> **About this exercise**: Print the entries verbatim, leaving out the images they contain.

> **Image-backed grounding data**:
%%

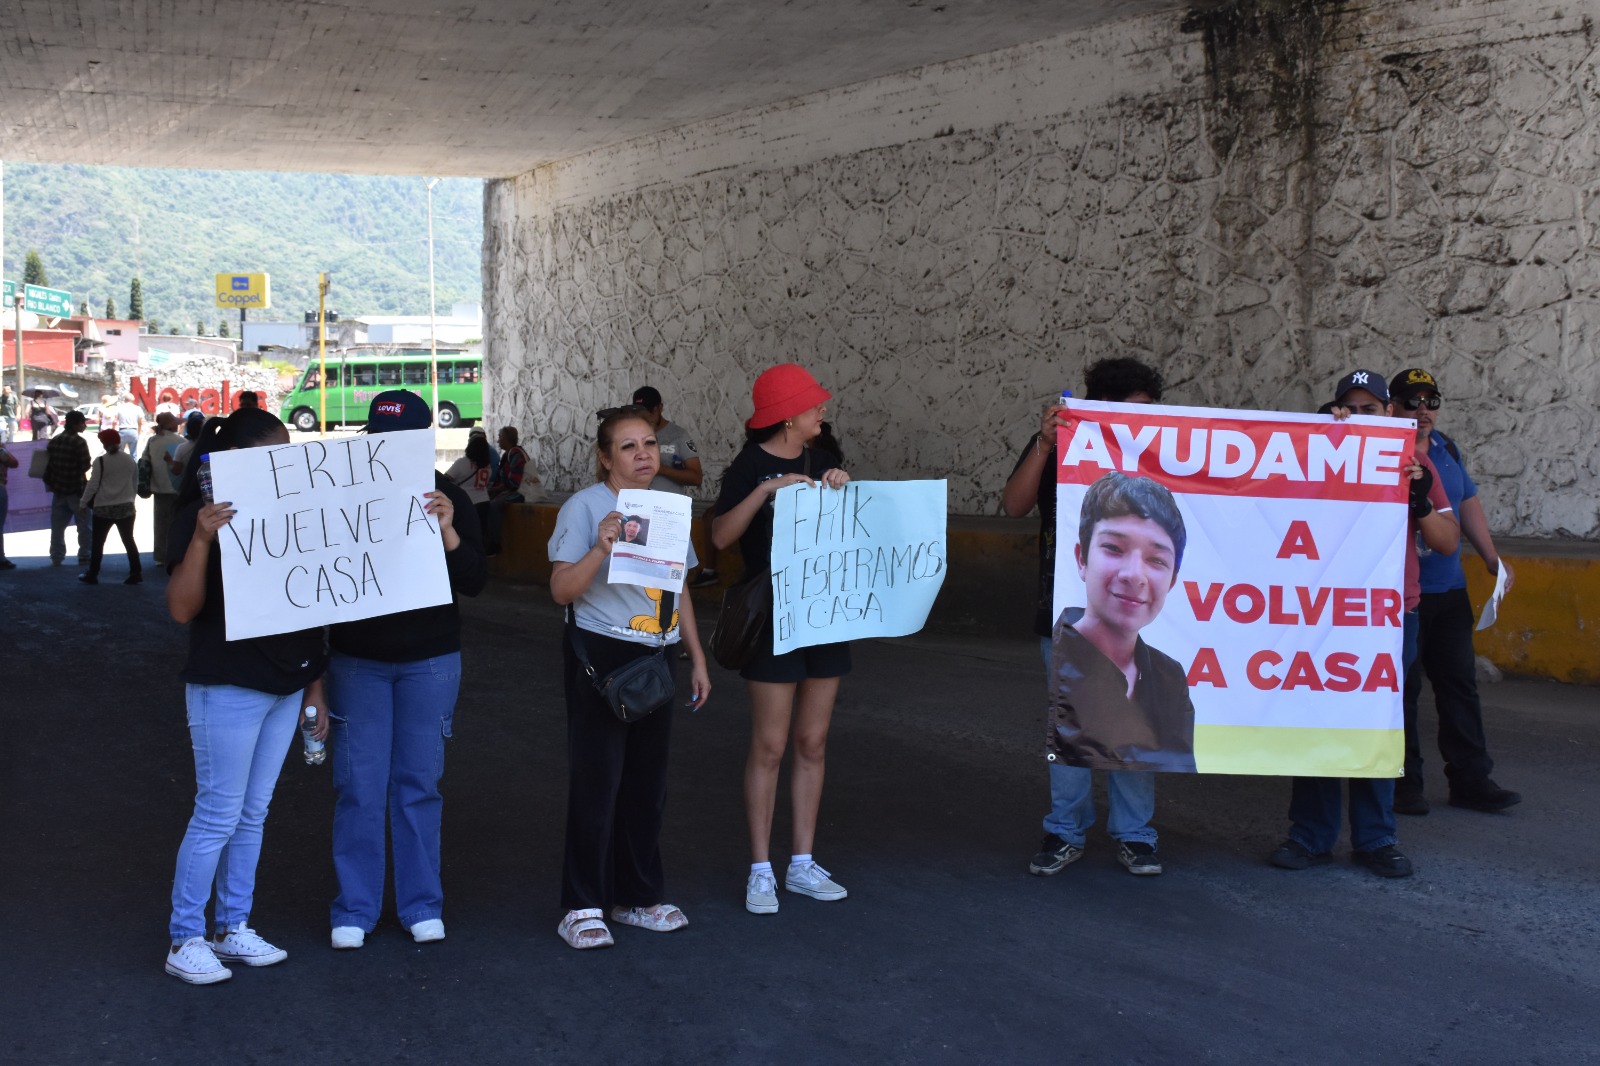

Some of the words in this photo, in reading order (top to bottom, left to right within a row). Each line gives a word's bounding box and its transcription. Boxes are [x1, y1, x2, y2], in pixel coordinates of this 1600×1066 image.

[218, 292, 262, 305] Coppel
[1352, 372, 1369, 384] NY
[267, 439, 393, 500] ERIK
[1062, 420, 1405, 486] AYUDAME
[227, 498, 386, 566] VUELVE
[406, 495, 436, 536] A
[794, 485, 872, 554] ERIK
[1276, 520, 1320, 560] A
[285, 552, 384, 609] CASA
[772, 566, 791, 609] TE
[801, 541, 942, 600] ESPERAMOS
[779, 606, 796, 641] EN
[1184, 581, 1402, 627] VOLVER
[1187, 648, 1228, 688] A
[1246, 650, 1399, 692] CASA

%%

> **Your solution**:
Some of the words in this photo, in reading order (top to bottom, left to right within a row). Each line gives a word's bounding box and its transcription. Boxes are [x1, y1, x2, y2], in pixel coordinates of this 1600×1066 image.

[218, 292, 262, 305] Coppel
[1352, 372, 1369, 384] NY
[267, 439, 393, 500] ERIK
[1062, 420, 1405, 486] AYUDAME
[227, 498, 386, 566] VUELVE
[406, 495, 436, 536] A
[794, 485, 872, 554] ERIK
[1276, 520, 1320, 560] A
[285, 552, 384, 609] CASA
[772, 566, 791, 609] TE
[801, 541, 942, 600] ESPERAMOS
[779, 606, 796, 641] EN
[1184, 581, 1402, 627] VOLVER
[1187, 648, 1228, 688] A
[1246, 650, 1399, 692] CASA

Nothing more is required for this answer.